Regulatory Environment and Approvals in Cell and Gene Therapy Products Between Japan, the USA, and the EU.

Abstract

This study aimed to demonstrate the differences in the way cell and gene therapy (CGT) products have been developed and reviewed for approval in Japan, the USA, and the EU by comparing regulations and successfully launched products in each region, and to examine the background to such differences. Information on relevant regulations and approved CGT products were collected from the public source and compared by region. While regulations on CGT products are largely consistent among these regions, some differences could have a substantial impact on the practices defining CGT products, the timing of responses required to comply with the regulations for handling gene-modified organisms, and the acceptable validation processes under good manufacturing practice regulations.
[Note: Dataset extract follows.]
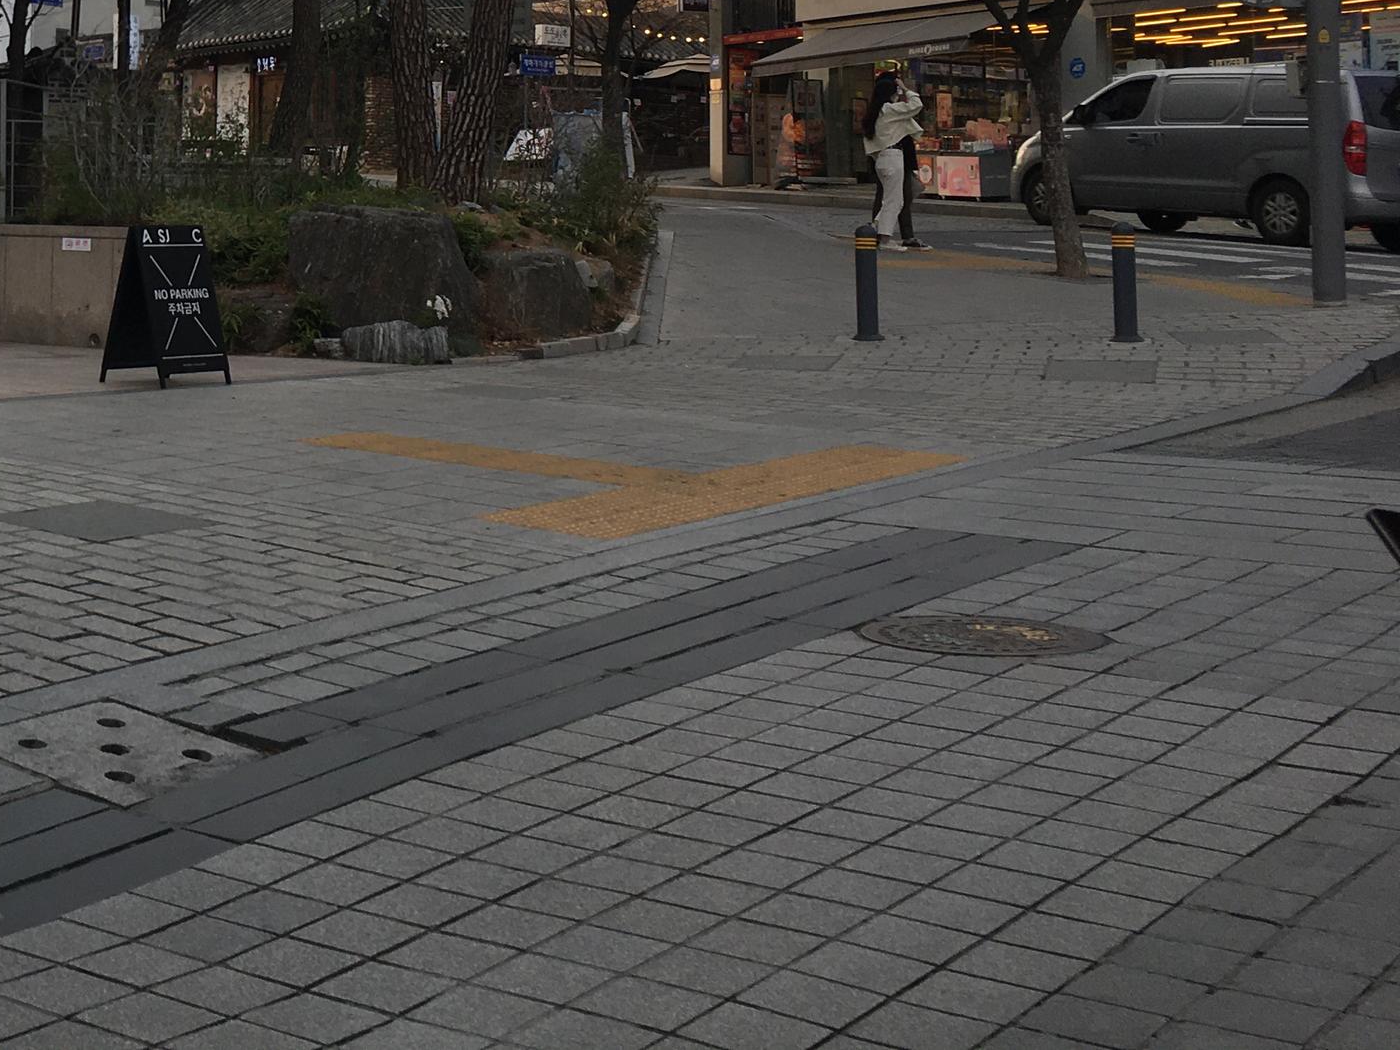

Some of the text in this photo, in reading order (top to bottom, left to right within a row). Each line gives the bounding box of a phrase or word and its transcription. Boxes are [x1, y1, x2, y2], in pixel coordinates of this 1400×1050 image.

Although CGT products are given some preferential status in all regions, the preferential treatment given to CGT products varies across regions. The CGT products launched in each region also differ significantly in type, indications, the nature of the developers, and the clinical evidence submitted. While all the cellular products launched in Japan were approved based on small uncontrolled trials, most cellular products in the USA and EU were approved based on controlled studies. A trend was observed for companies to enter their home markets. Our study showed differences of regulations on CGT products and of features in approved products as well as the trend of their home market entries, which may have been driven by a different context than that of traditional pharmaceuticals.